British sociologist (1911–1978)

David Victor Glass (2 January 1911 – 23 September 1978) was an eminent English sociologist and was one of the few sociologists elected to the Royal Society. He is also one of the very few people to be elected both Fellow of the British Academy and Fellow of the Royal Society. He was professor of sociology at the London School of Economics, 1948–1978.

== Life ==
Glass was born in the East End of London, England, the son of a tailor, and attended a state elementary school and Raine's Grammar School. He then took a degree from the LSE in 1931.

From 1932 to 1940 he was a research assistant to William Beveridge and statistician, Arthur Bowley.

In 1935 he was a research assistant with Lancelot Hogben in the department of Social Biology at the LSE. At this time he came into contact with R. R. Kuczynski. After Hogben's departure and the closing of the department in 1937, he was heavily involved in founding the Population Investigation Committee (PIC).

In 1948 he became professor. and from 1961 to 1978 he was Martin White Professor of Sociology at the London School of Economics. Glass was succeeded in the role by Donald Gunn MacRae.

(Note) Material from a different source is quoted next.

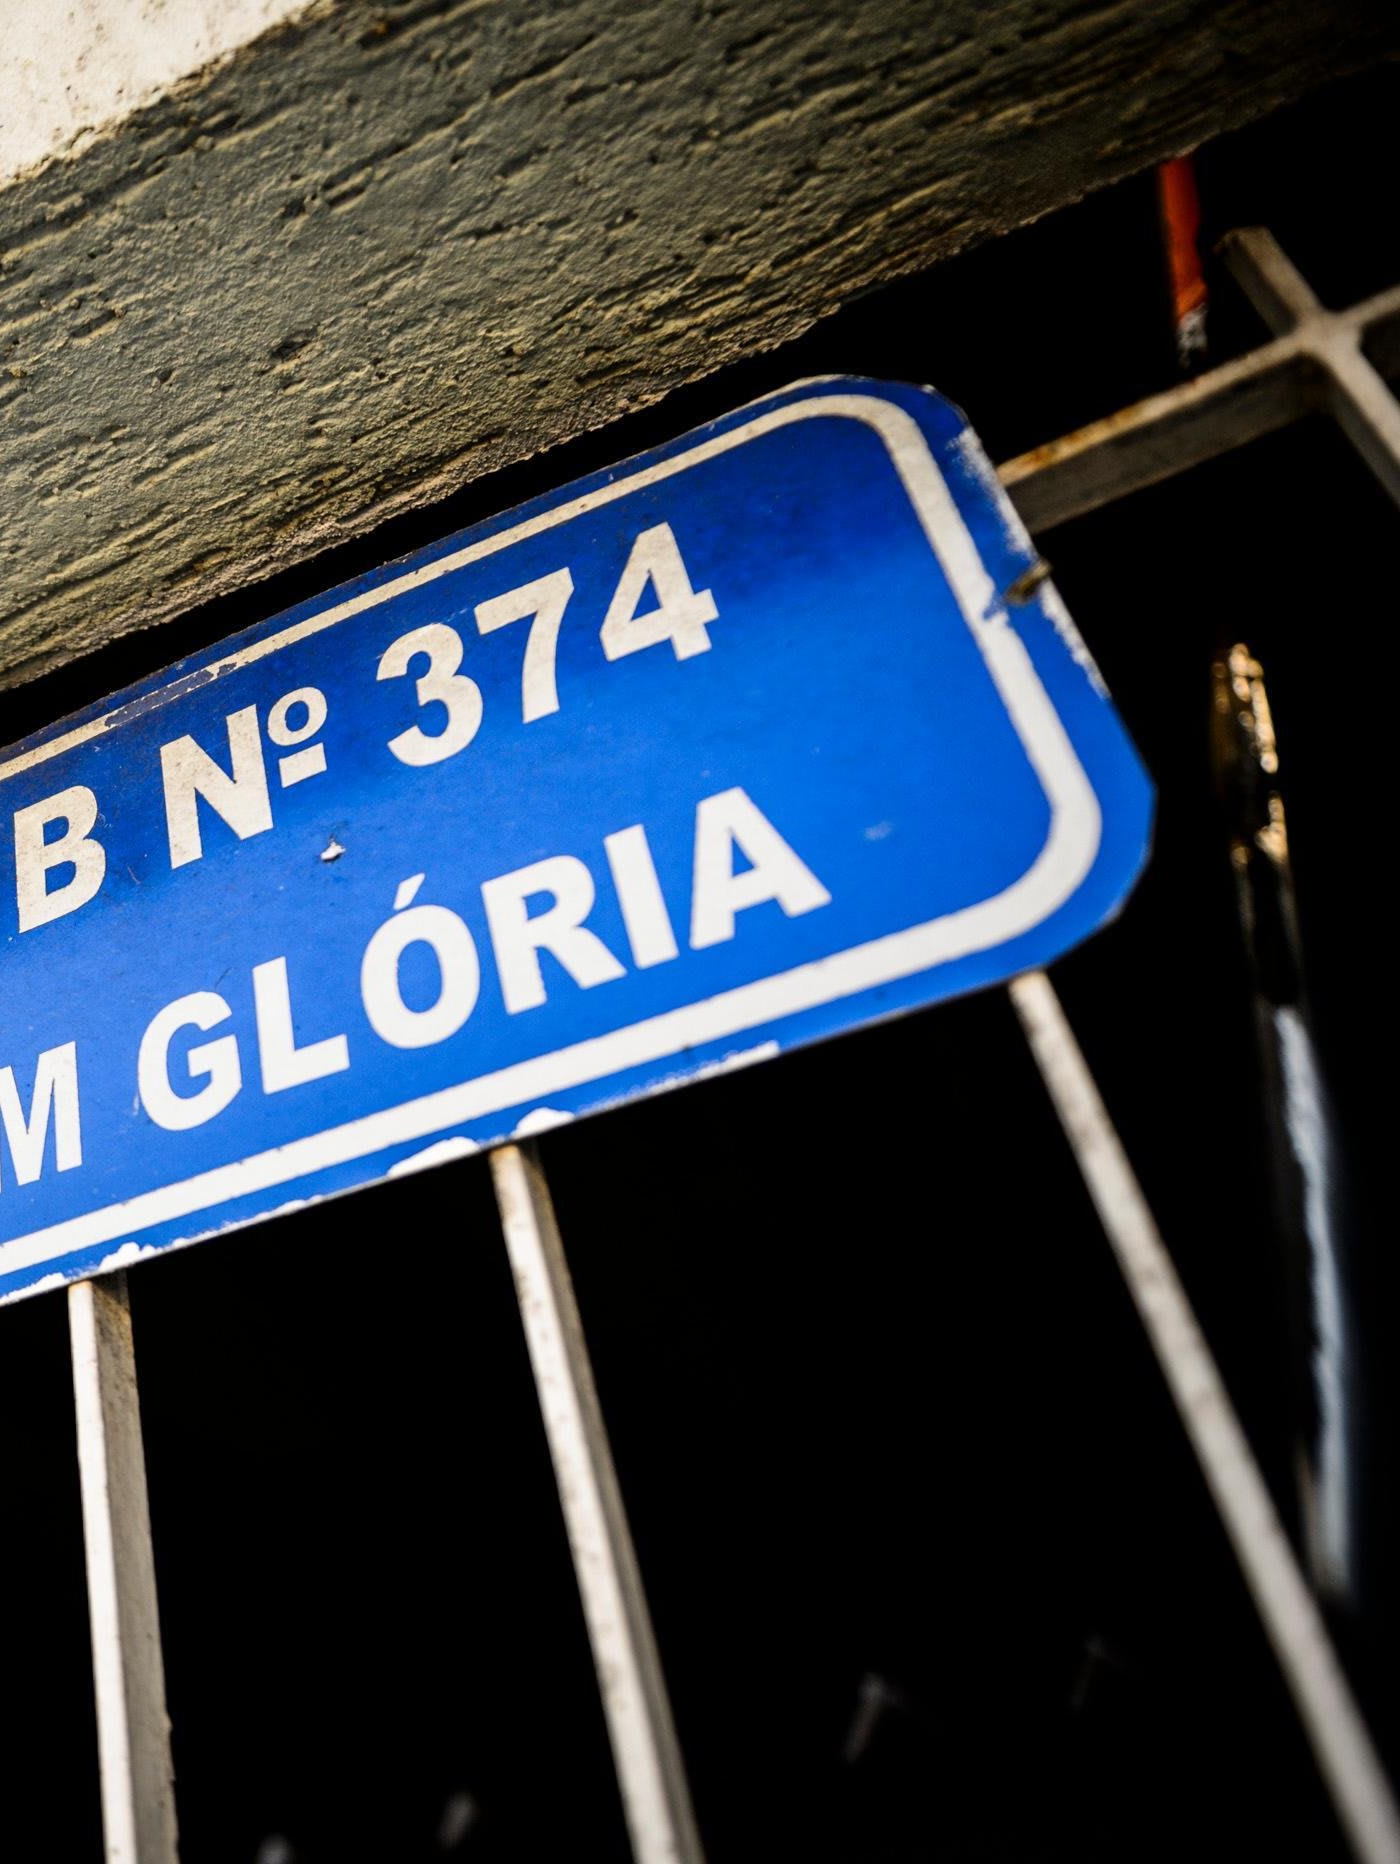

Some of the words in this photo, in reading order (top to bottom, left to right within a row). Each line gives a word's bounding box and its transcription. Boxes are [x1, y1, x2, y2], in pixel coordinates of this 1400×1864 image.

[12, 784, 108, 935] B
[374, 521, 719, 767] 374
[132, 786, 831, 1132] GLÓRIA

He died in 1978 from a coronary thrombosis and was survived by his wife Ruth Glass, the urban sociologist.

== Positions held ==
- Chairman, Population Investigation Committee
- President, British Society for Population Studies
- Honorary President, International Union for Scientific Study of Population
- Member, International Statistical Institute
- FBA, 1964
- FRS, 1971
- Foreign Honorary Member, American Academy of Arts and Sciences, 1971
- Foreign Associate, National Academy of Sciences (USA), 1973

== Publications ==
- The Town in a Changing World, 1935
- The Struggle for Population, 1936
- Population Policies and Movements in Europe, 1940
- (ed) Introduction to Malthus, 1953
- (ed) Social Mobility in Britain, 1954
- (with Eugene Grebenik) The Trend and Pattern of Fertility in Great Britain, 1954
- (ed) The University Teaching of Social Sciences: Demography, 1957
- Latin American Seminar on Population: Report, 1958
- Society: Approaches and Problems for Study, 1962 (co-ed)
- Differential Fertility, Ability and Educational Objectives, 1962
- (ed jtly), Population in History, 1965
- (ed jtly) Population and Social Change, 1972
- Numbering the People, 1973
- (with P. Taylor) Population and Emigration, 1976

He was an editor of the journals Population Studies and British Journal of Sociology.